**DIRECTIONS**
Verbatim copy without pictures. Please print every entry as it stands.

**DATA UNDER STUDY**
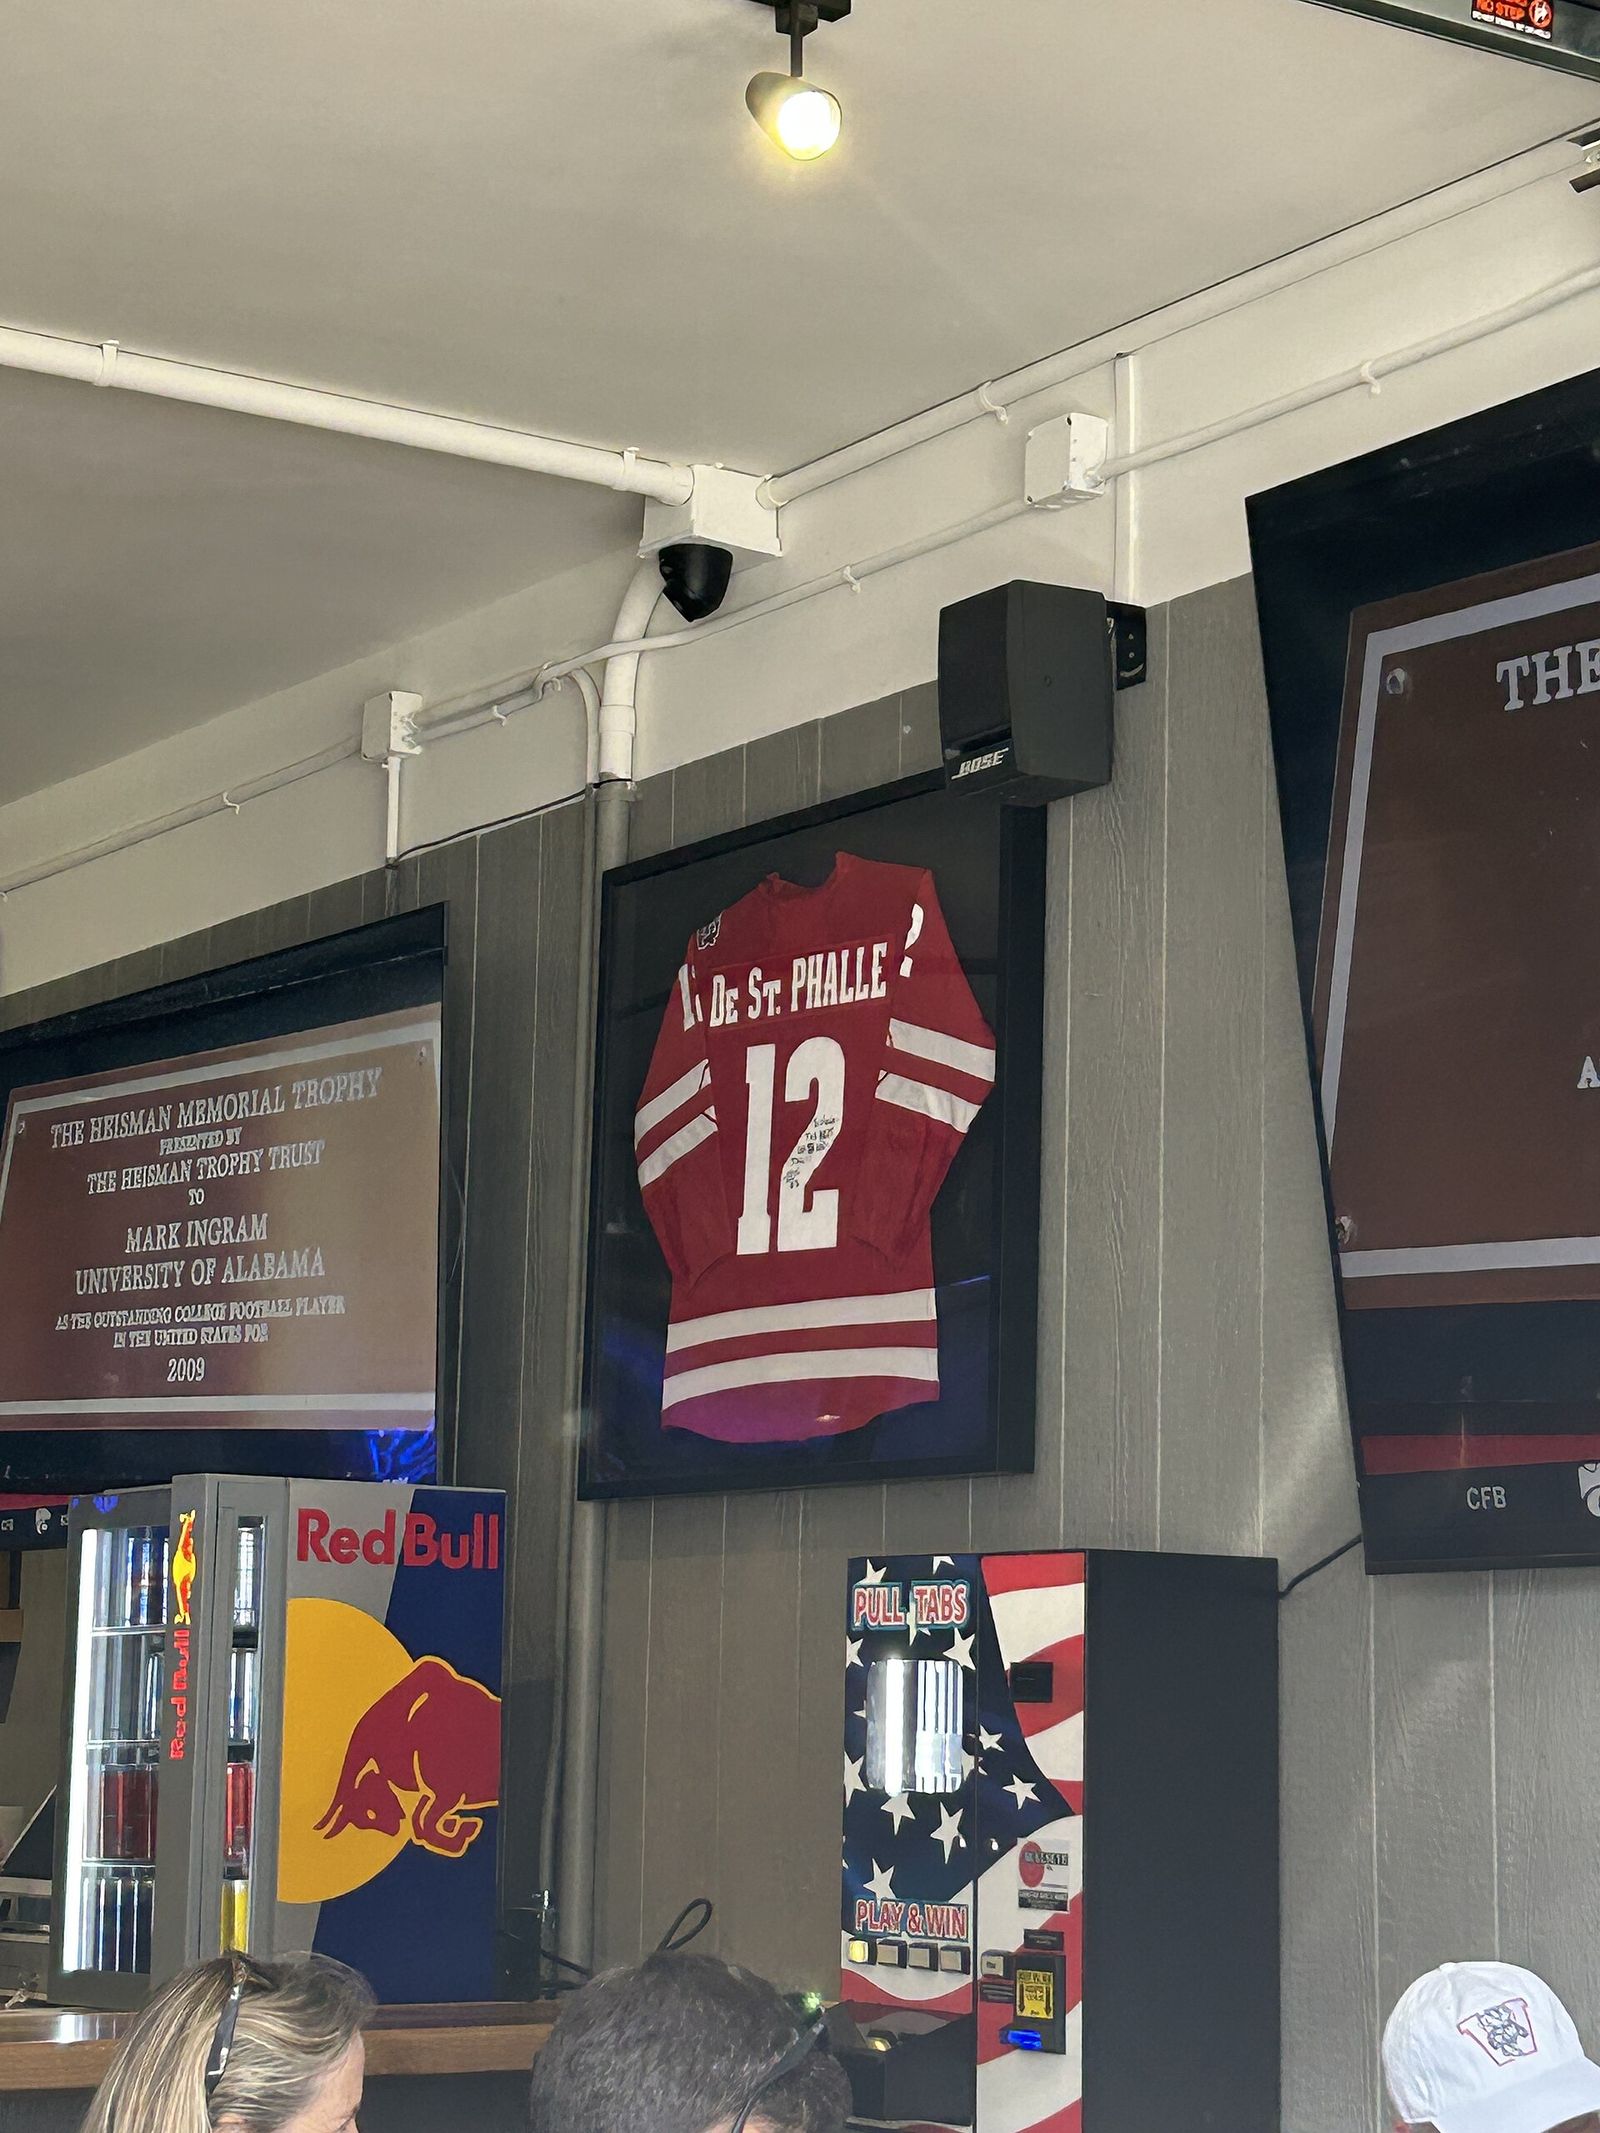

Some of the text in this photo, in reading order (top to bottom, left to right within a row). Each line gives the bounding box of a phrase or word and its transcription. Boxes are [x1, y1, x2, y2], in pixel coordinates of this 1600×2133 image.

[1496, 638, 1600, 712] THE
[952, 747, 1009, 780] BOSE
[790, 942, 888, 1014] PHALLE
[1576, 1055, 1600, 1089] A
[50, 1066, 382, 1149] THE HEISMAN MEMORIAL TROPHY
[226, 1126, 242, 1145] BY
[736, 1036, 845, 1256] 12
[87, 1140, 326, 1195] THE HEISMAN TROPHY TRUST
[188, 1188, 205, 1206] TO
[124, 1212, 268, 1254] MARK INGRAM
[75, 1246, 326, 1296] UNIVERSITY OF ALABAMA
[69, 1312, 92, 1330] THE
[93, 1305, 172, 1329] OUTSTANDING
[228, 1298, 293, 1321] FOOTBALL
[295, 1295, 346, 1317] PLAYER
[167, 1356, 206, 1383] 2009
[1466, 1485, 1507, 1510] CFB
[297, 1508, 499, 1569] Red Bull
[854, 1583, 967, 1627] PULL TABS
[169, 1695, 187, 1760] Red
[856, 1900, 968, 1939] PLAY & WIN

**OUTPUT**
Some of the text in this photo, in reading order (top to bottom, left to right within a row). Each line gives the bounding box of a phrase or word and its transcription. Boxes are [x1, y1, x2, y2], in pixel coordinates of this 1600×2133 image.

[1496, 638, 1600, 712] THE
[952, 747, 1009, 780] BOSE
[790, 942, 888, 1014] PHALLE
[1576, 1055, 1600, 1089] A
[50, 1066, 382, 1149] THE HEISMAN MEMORIAL TROPHY
[226, 1126, 242, 1145] BY
[736, 1036, 845, 1256] 12
[87, 1140, 326, 1195] THE HEISMAN TROPHY TRUST
[188, 1188, 205, 1206] TO
[124, 1212, 268, 1254] MARK INGRAM
[75, 1246, 326, 1296] UNIVERSITY OF ALABAMA
[69, 1312, 92, 1330] THE
[93, 1305, 172, 1329] OUTSTANDING
[228, 1298, 293, 1321] FOOTBALL
[295, 1295, 346, 1317] PLAYER
[167, 1356, 206, 1383] 2009
[1466, 1485, 1507, 1510] CFB
[297, 1508, 499, 1569] Red Bull
[854, 1583, 967, 1627] PULL TABS
[169, 1695, 187, 1760] Red
[856, 1900, 968, 1939] PLAY & WIN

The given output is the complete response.